◆ **DIRECTIONS FOR THIS TASK**
Apart from the pictures, reproduce the data below exactly as it stands.

◆ **Recorded data**

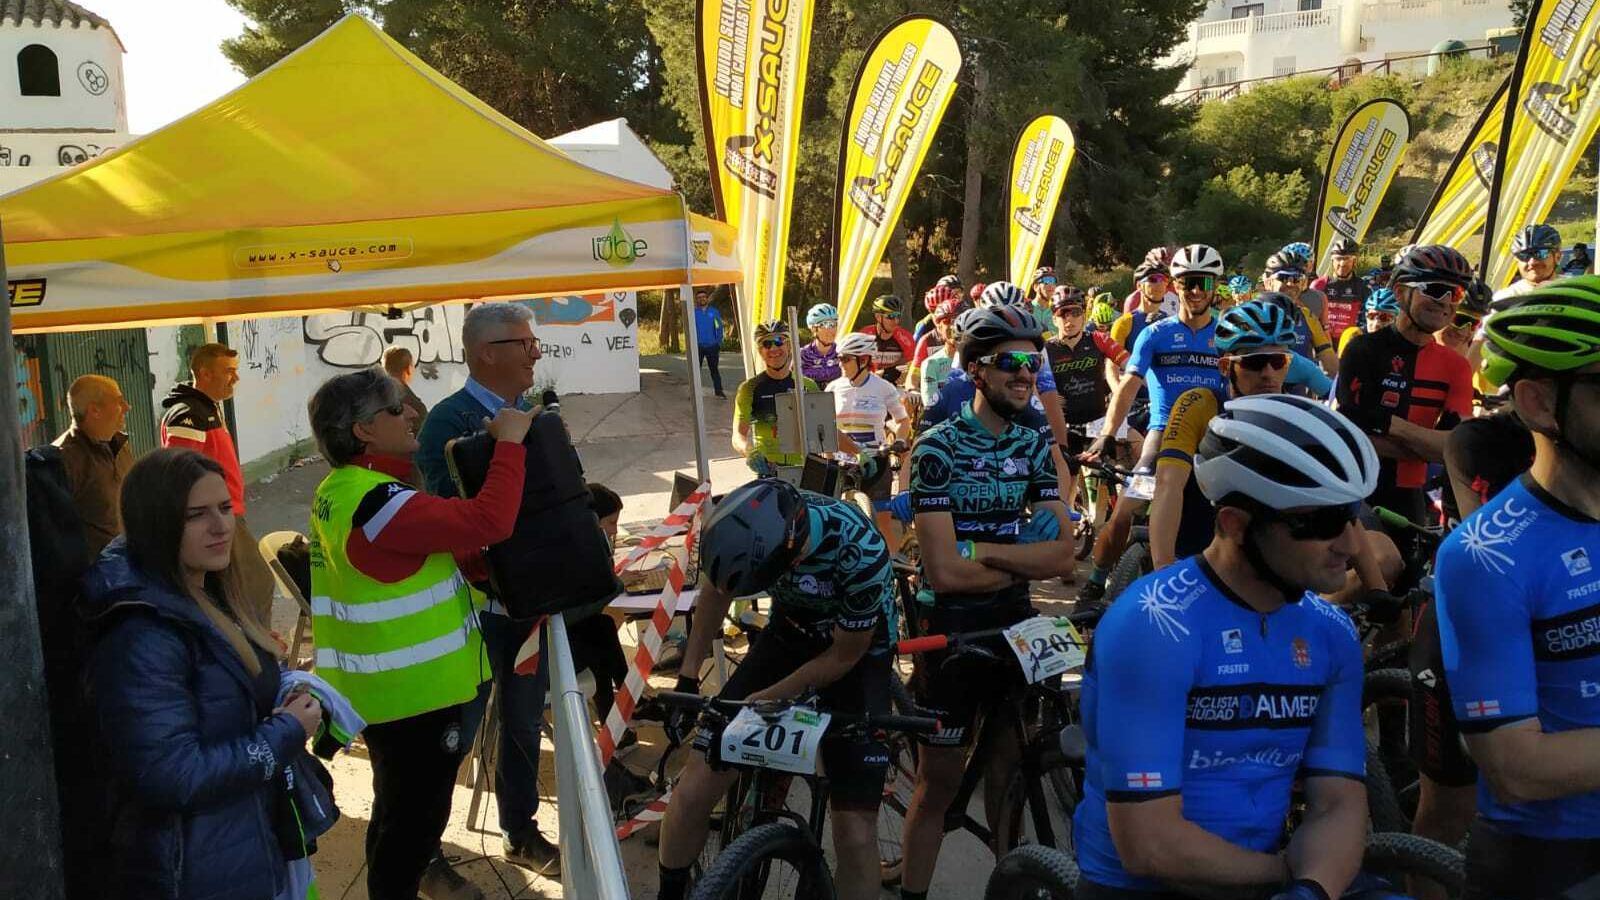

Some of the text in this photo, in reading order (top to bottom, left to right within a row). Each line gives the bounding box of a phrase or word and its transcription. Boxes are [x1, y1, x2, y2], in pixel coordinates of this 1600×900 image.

[732, 12, 749, 73] CAMARAS
[729, 74, 743, 108] PARA
[870, 60, 942, 202] X-SAUCE
[1031, 138, 1064, 219] X-SAUCE
[1346, 129, 1396, 223] X-SAUCE
[248, 243, 397, 263] www.x-sauce.com
[919, 496, 950, 506] FASTE
[1040, 488, 1060, 498] FAS
[742, 723, 805, 755] 201

◆ **EXERCISE OUTPUT**
Some of the text in this photo, in reading order (top to bottom, left to right within a row). Each line gives the bounding box of a phrase or word and its transcription. Boxes are [x1, y1, x2, y2], in pixel coordinates of this 1600×900 image.

[732, 12, 749, 73] CAMARAS
[729, 74, 743, 108] PARA
[870, 60, 942, 202] X-SAUCE
[1031, 138, 1064, 219] X-SAUCE
[1346, 129, 1396, 223] X-SAUCE
[248, 243, 397, 263] www.x-sauce.com
[919, 496, 950, 506] FASTE
[1040, 488, 1060, 498] FAS
[742, 723, 805, 755] 201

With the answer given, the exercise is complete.